▶ **WHAT THIS TASK INVOLVES**
Pictures are to be left out; everything else in the records must be repeated exactly.

▶ **INFORMATION**
+++++

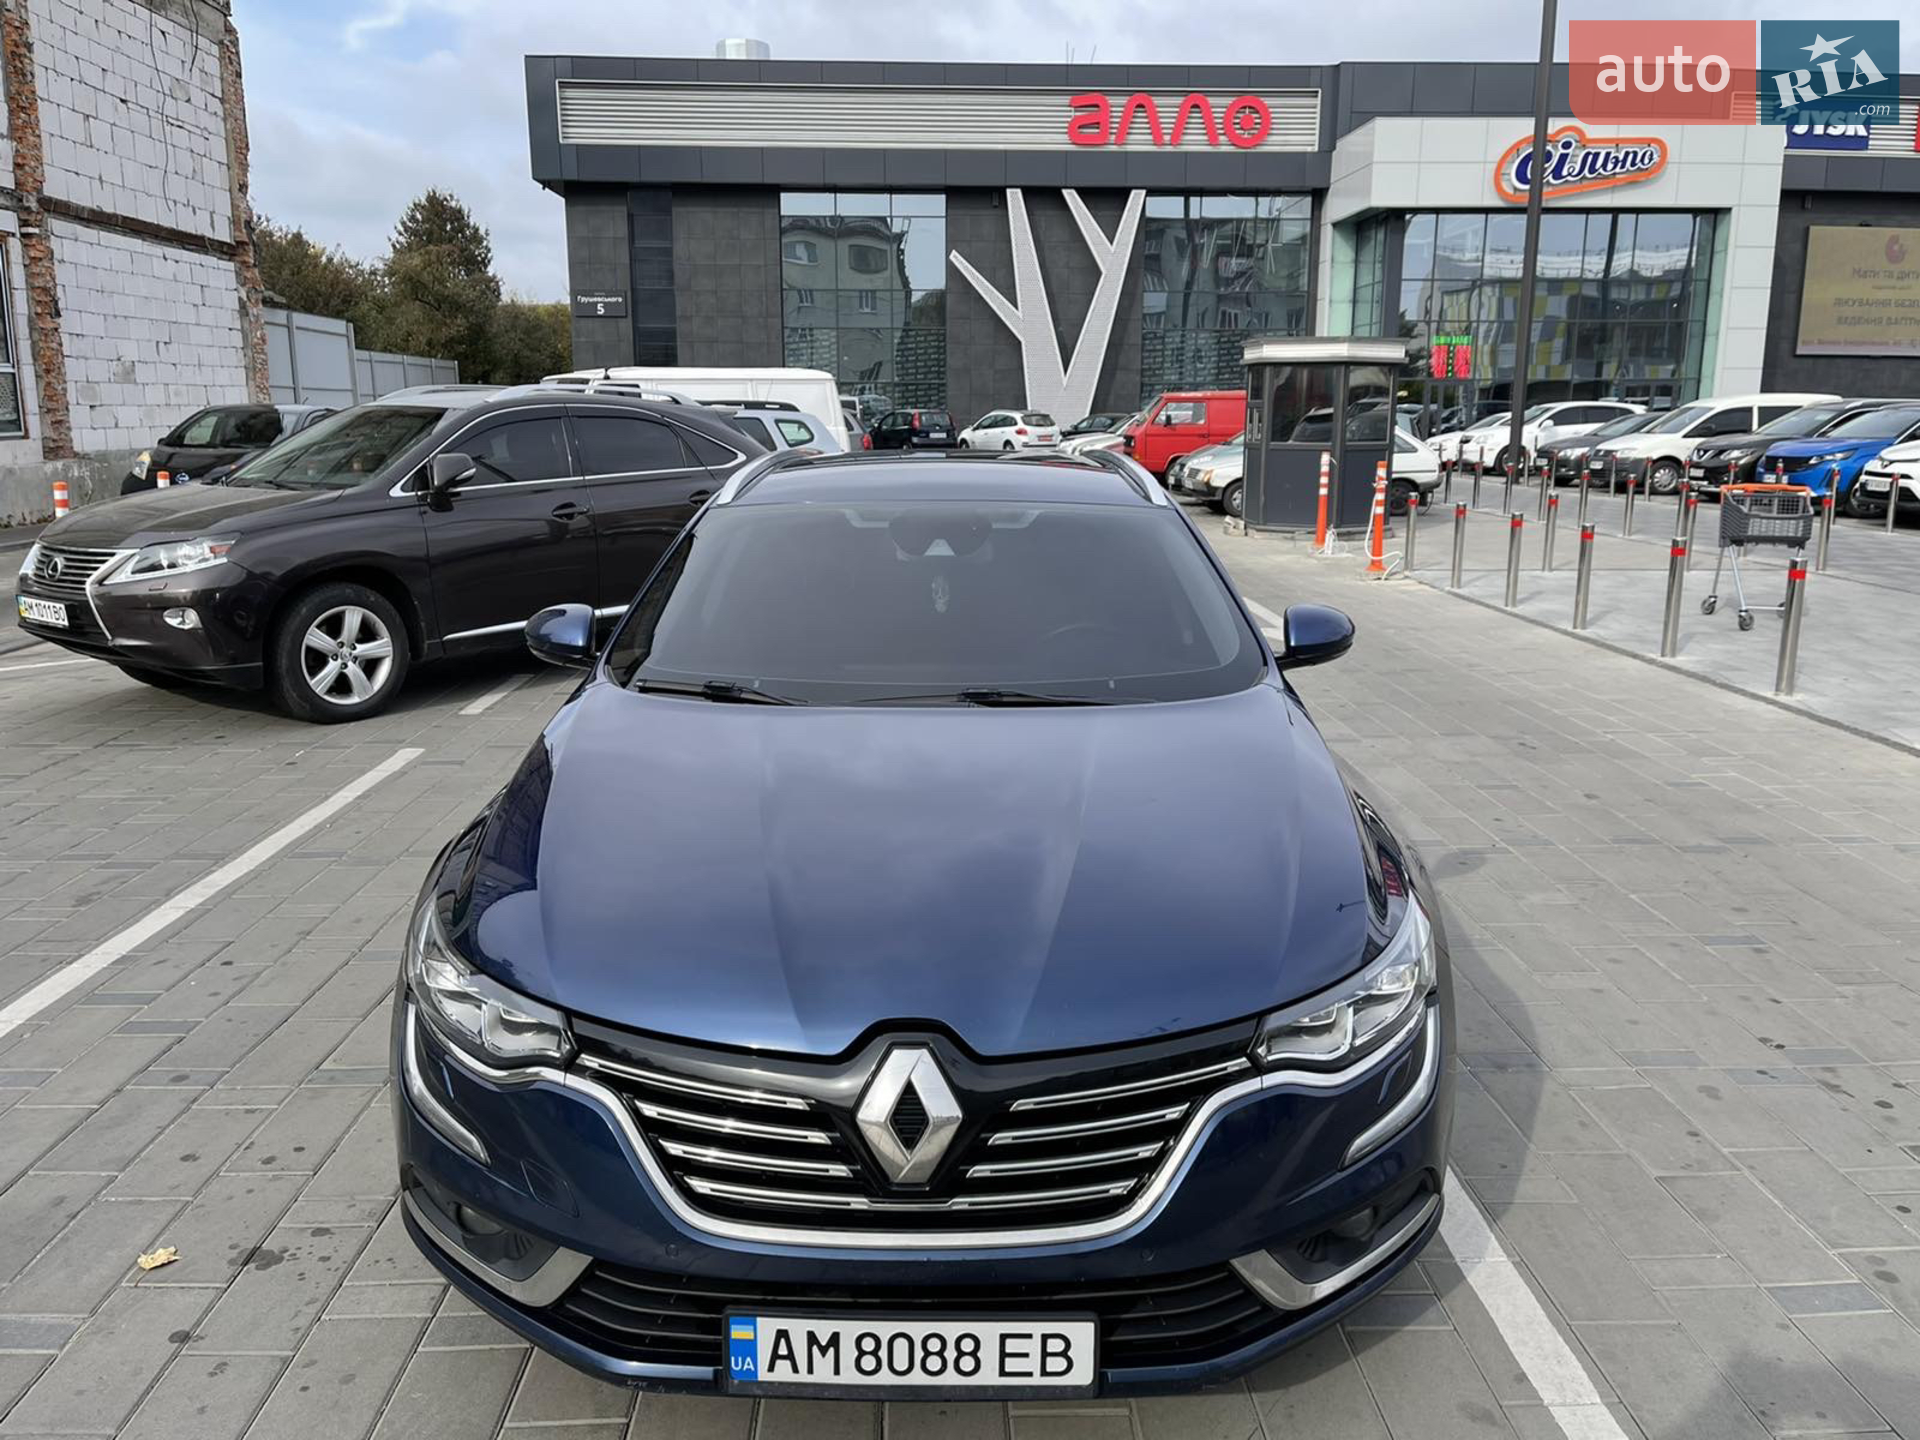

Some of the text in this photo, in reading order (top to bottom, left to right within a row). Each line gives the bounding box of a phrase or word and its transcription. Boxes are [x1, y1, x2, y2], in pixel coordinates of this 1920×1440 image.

[1792, 109, 1869, 137] JYSK
[596, 303, 605, 315] 5
[731, 1356, 755, 1372] UA
[767, 1328, 1074, 1378] AM 8088 EB

+++++

▶ **WRITTEN RESPONSE**
Some of the text in this photo, in reading order (top to bottom, left to right within a row). Each line gives the bounding box of a phrase or word and its transcription. Boxes are [x1, y1, x2, y2], in pixel coordinates of this 1920×1440 image.

[1792, 109, 1869, 137] JYSK
[596, 303, 605, 315] 5
[731, 1356, 755, 1372] UA
[767, 1328, 1074, 1378] AM 8088 EB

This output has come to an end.